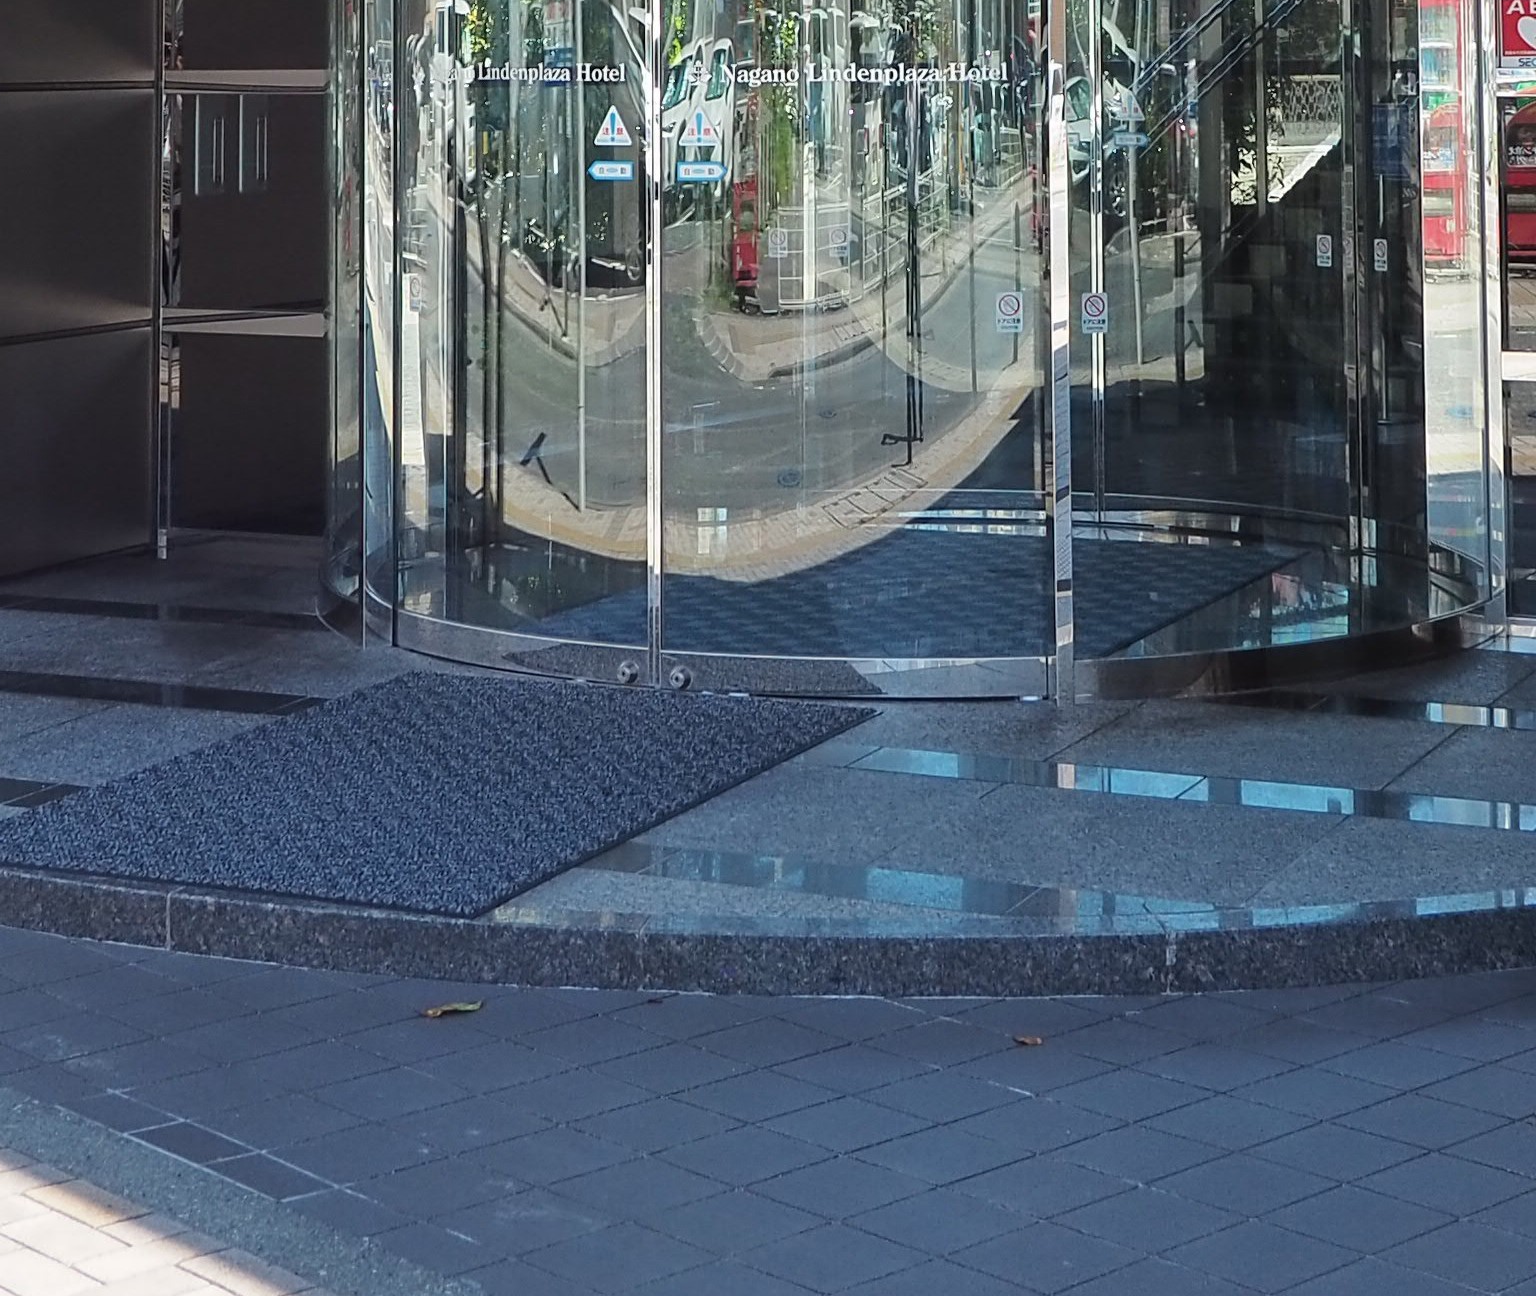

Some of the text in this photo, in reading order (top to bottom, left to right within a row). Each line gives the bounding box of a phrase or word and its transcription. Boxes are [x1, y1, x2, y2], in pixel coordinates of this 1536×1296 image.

####

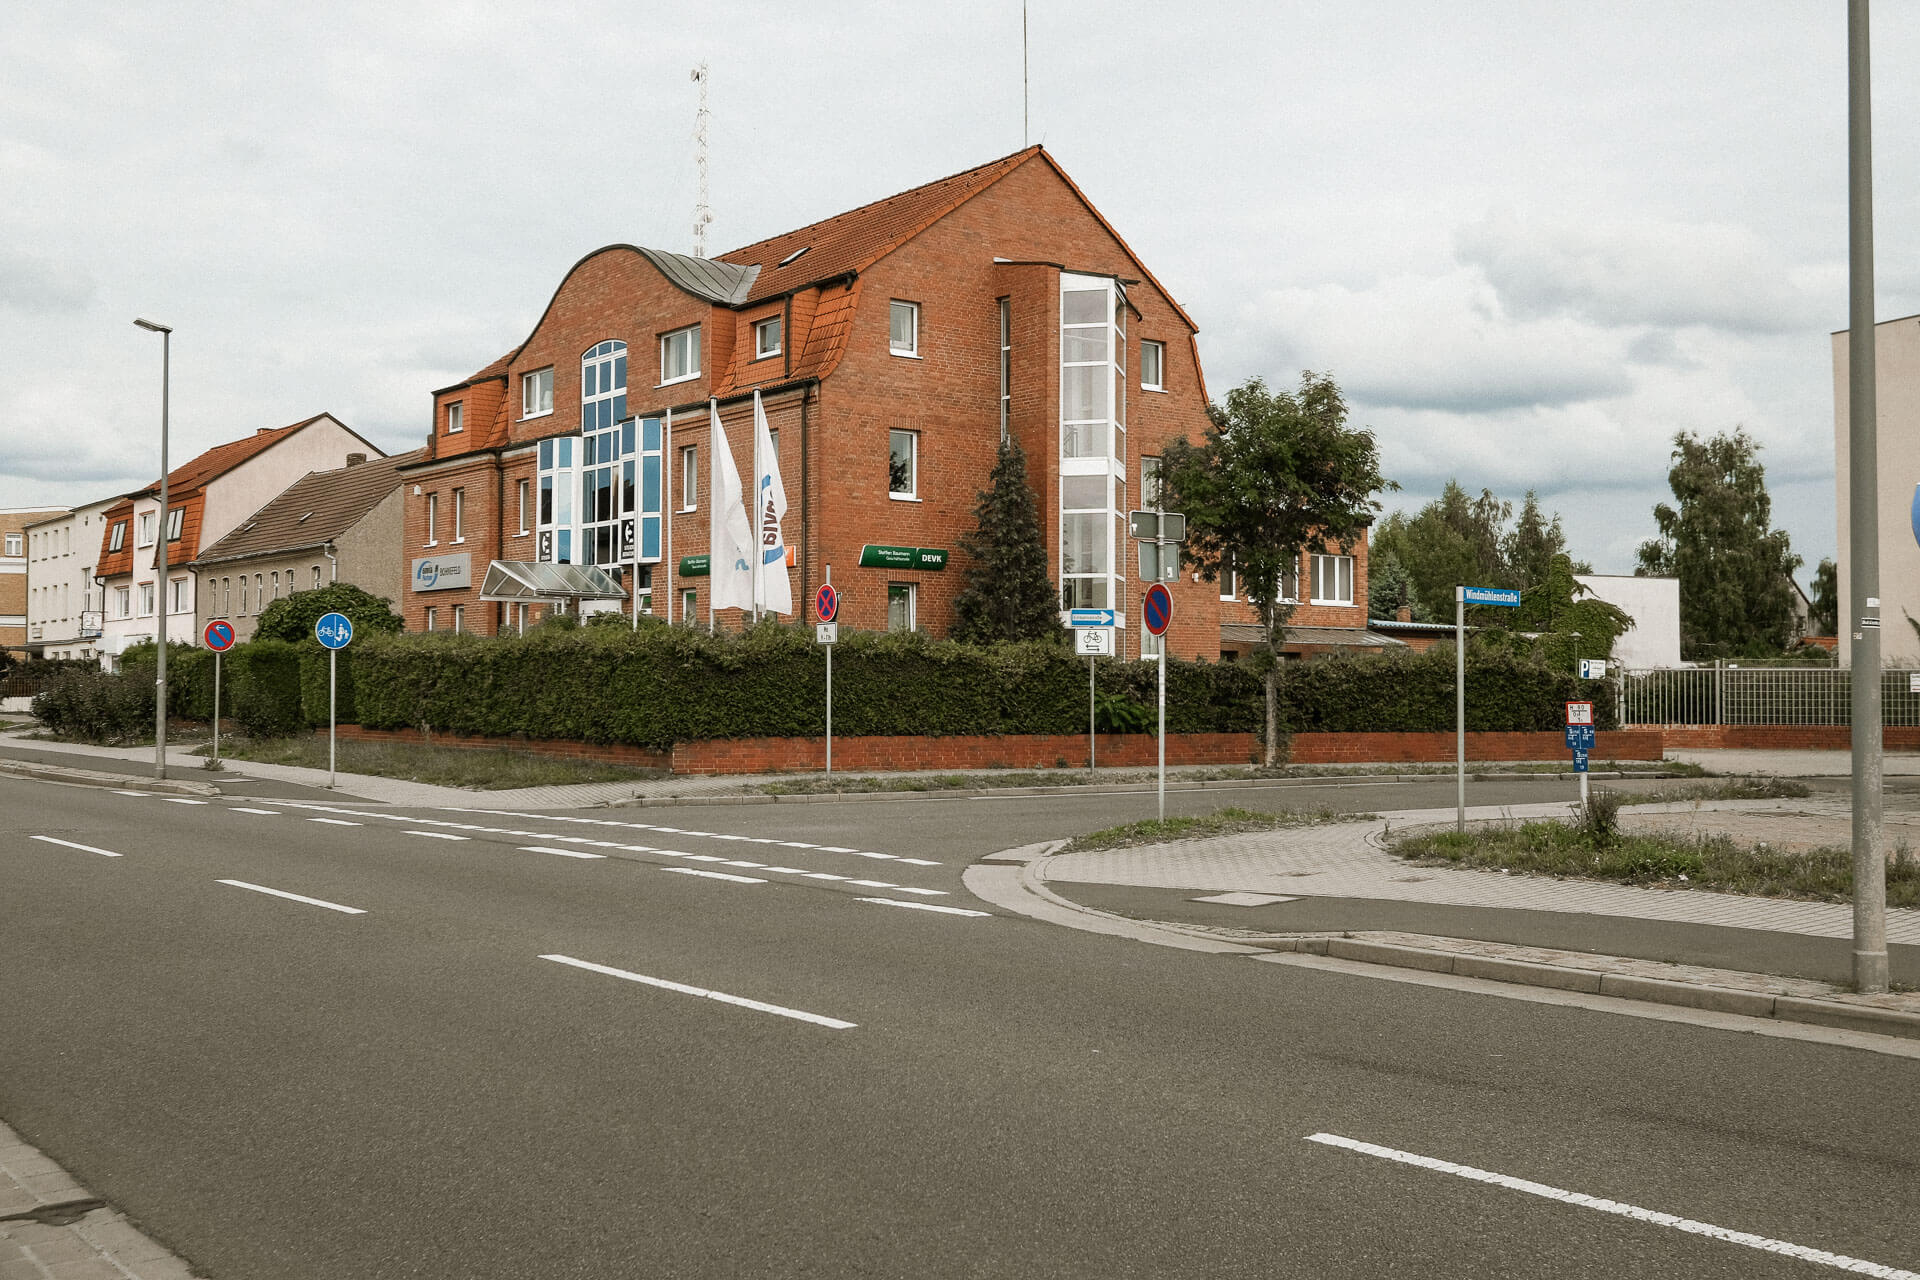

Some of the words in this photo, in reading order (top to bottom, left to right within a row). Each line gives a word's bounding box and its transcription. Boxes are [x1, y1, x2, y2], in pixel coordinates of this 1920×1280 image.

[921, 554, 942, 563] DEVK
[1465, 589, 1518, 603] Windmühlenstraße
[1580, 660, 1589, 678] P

####

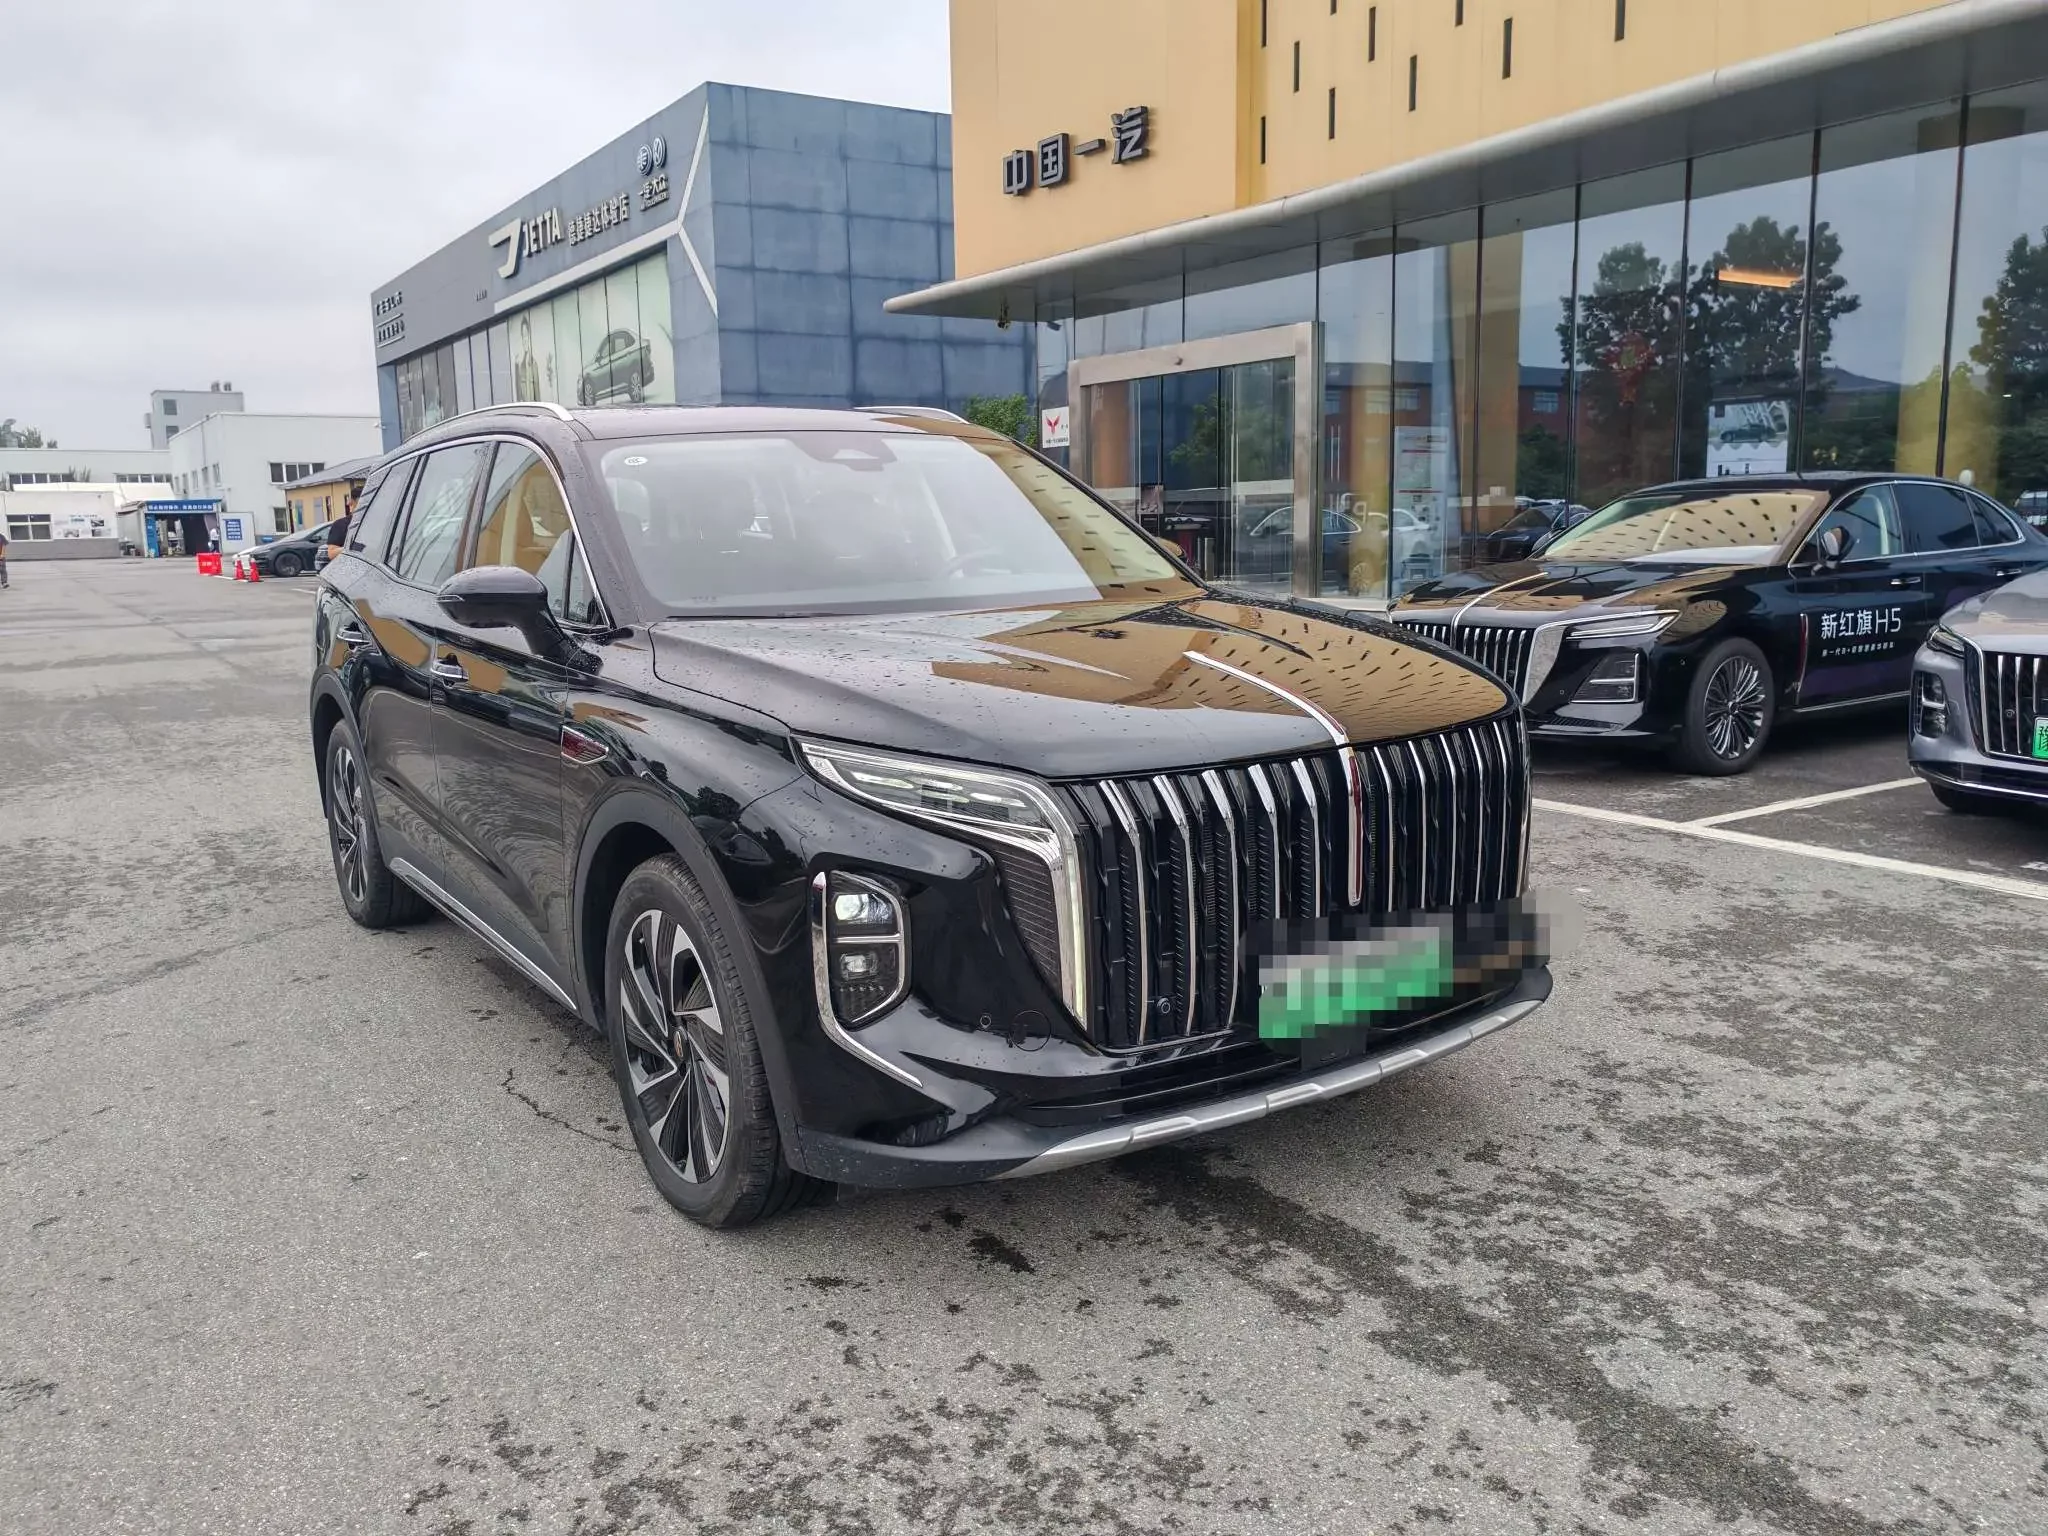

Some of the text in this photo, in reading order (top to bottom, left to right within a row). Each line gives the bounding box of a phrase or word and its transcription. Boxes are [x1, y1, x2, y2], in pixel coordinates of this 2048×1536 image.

####

**The task:**
Filter the records for lines containing the word "text" and copy each one.

**Output of the exercise:**
Some of the text in this photo, in reading order (top to bottom, left to right within a row). Each line gives the bounding box of a phrase or word and its transcription. Boxes are [x1, y1, x2, y2], in pixel coordinates of this 1536×1296 image.
Some of the text in this photo, in reading order (top to bottom, left to right within a row). Each line gives the bounding box of a phrase or word and its transcription. Boxes are [x1, y1, x2, y2], in pixel coordinates of this 2048×1536 image.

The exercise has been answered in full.